The Sole Prop's Sister?




   


Under here.

April 2, 2010

Don't Like Stress
Friday. I drove to the Grand Lake theater last night thinking I could easily walk, but would rather drive home after dark. I made the mistake of not bringing a camera, thinking this is a movie release of some kind, and they usually restrict cameras to those on their payroll. Not useful pictures of their actors showing up on web sites and such give them ulcers. I was forgetting this was Wavy Gravy and his people really don't give a flying leap. Still, I'd have only taken one or two at the end during the question and answer session, I was not up for making an asshole out of myself by poking a lens into people's faces, not at a party anyway. Who are you? Why are you here with a camera? Nice to have had a shot or two to display, but this is not the first time I've had to say that.

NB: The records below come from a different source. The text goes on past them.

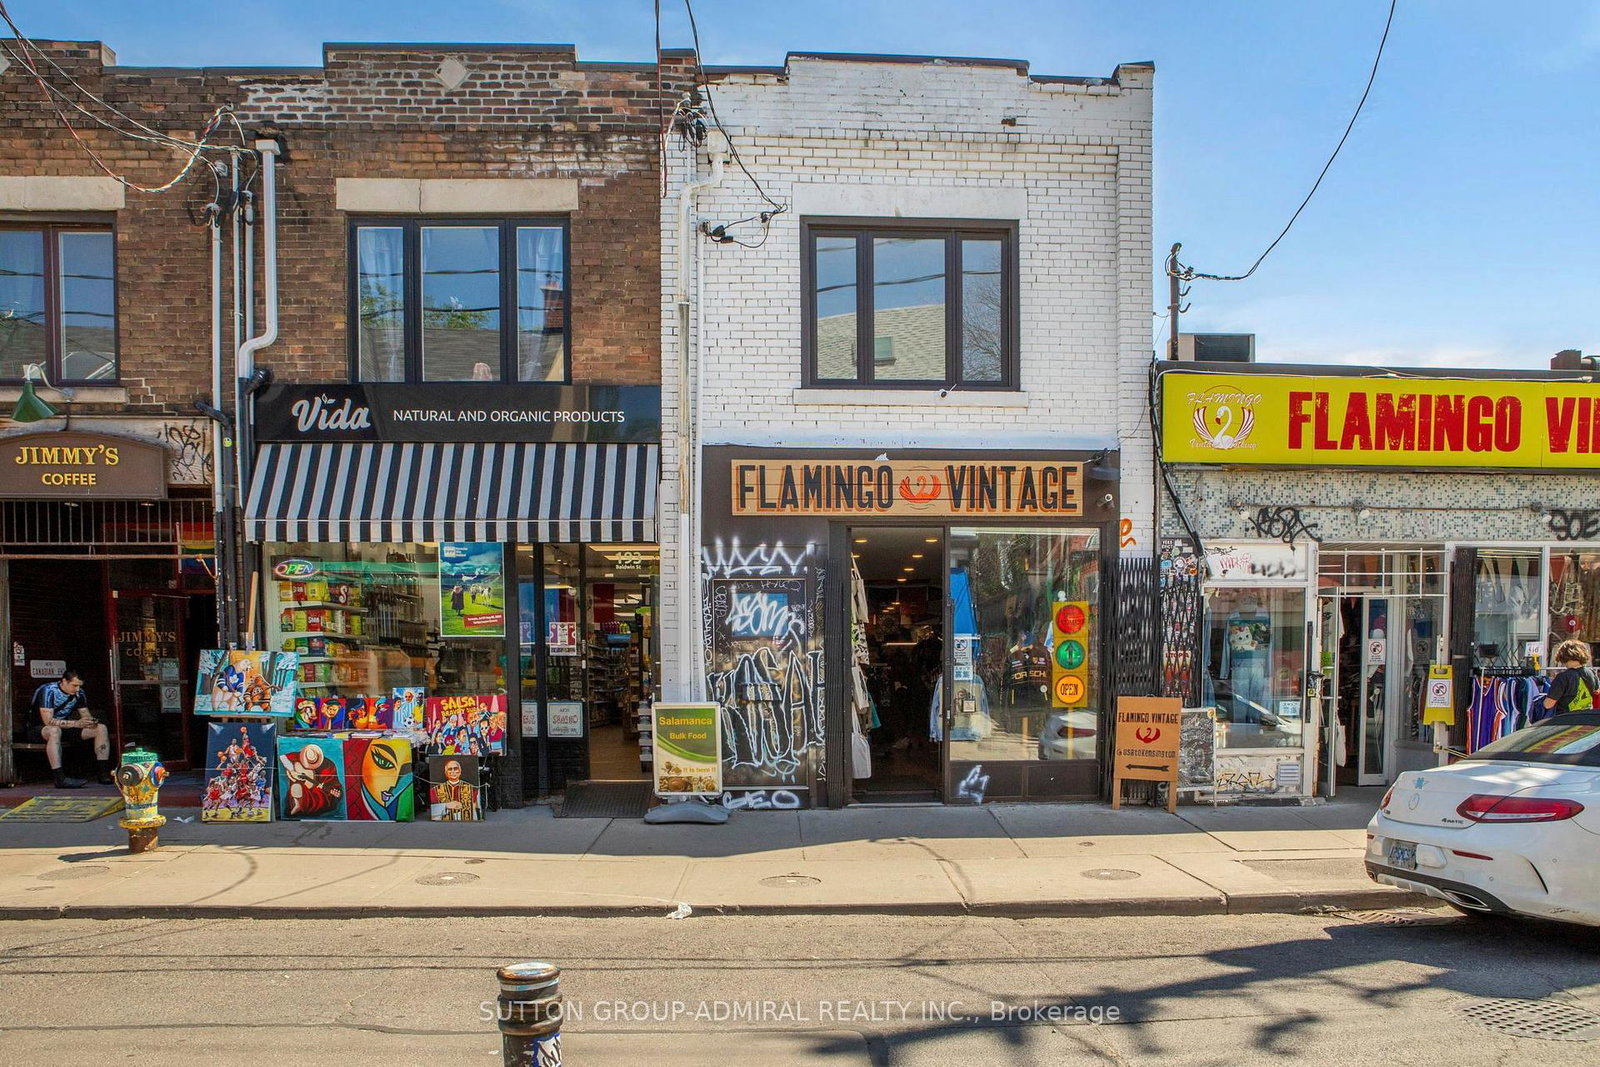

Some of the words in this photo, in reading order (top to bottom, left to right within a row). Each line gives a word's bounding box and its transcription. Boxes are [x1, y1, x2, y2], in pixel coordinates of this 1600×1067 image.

[1187, 392, 1263, 406] FLAMINGO
[291, 393, 371, 432] Vida
[393, 409, 455, 422] NATURAL
[458, 409, 487, 422] AND
[490, 409, 551, 423] ORGANIC
[554, 410, 625, 423] PRODUCTS
[1288, 391, 1521, 453] FLAMINGO
[1546, 396, 1600, 455] VI
[15, 444, 120, 466] JIMMY'S
[41, 473, 97, 486] COFFEE
[736, 464, 894, 512] FLAMINGO
[945, 464, 1078, 512] VINTAGE
[615, 551, 642, 565] 193
[275, 563, 313, 576] OPEN
[118, 631, 177, 643] JIMMY'S
[1060, 683, 1079, 696] OPEN
[440, 696, 475, 710] SALSA
[659, 716, 713, 726] Salamanca
[1117, 712, 1150, 723] FLAMINGO
[1151, 713, 1179, 724] VINTAGE
[669, 732, 686, 740] Bulk
[687, 732, 707, 740] Food

So, how did it go? How was the movie? The party before the showing had about sixty people attending, Wavy himself showing up a few minutes late because of heavy traffic, having attended the St. Stupid's Day Parade earlier in San Francisco. I kicked myself for not remembering it ran on April 1st, April Fool's Day, but realized I'd been in no condition that morning or afternoon to go over and shoot pictures. Still....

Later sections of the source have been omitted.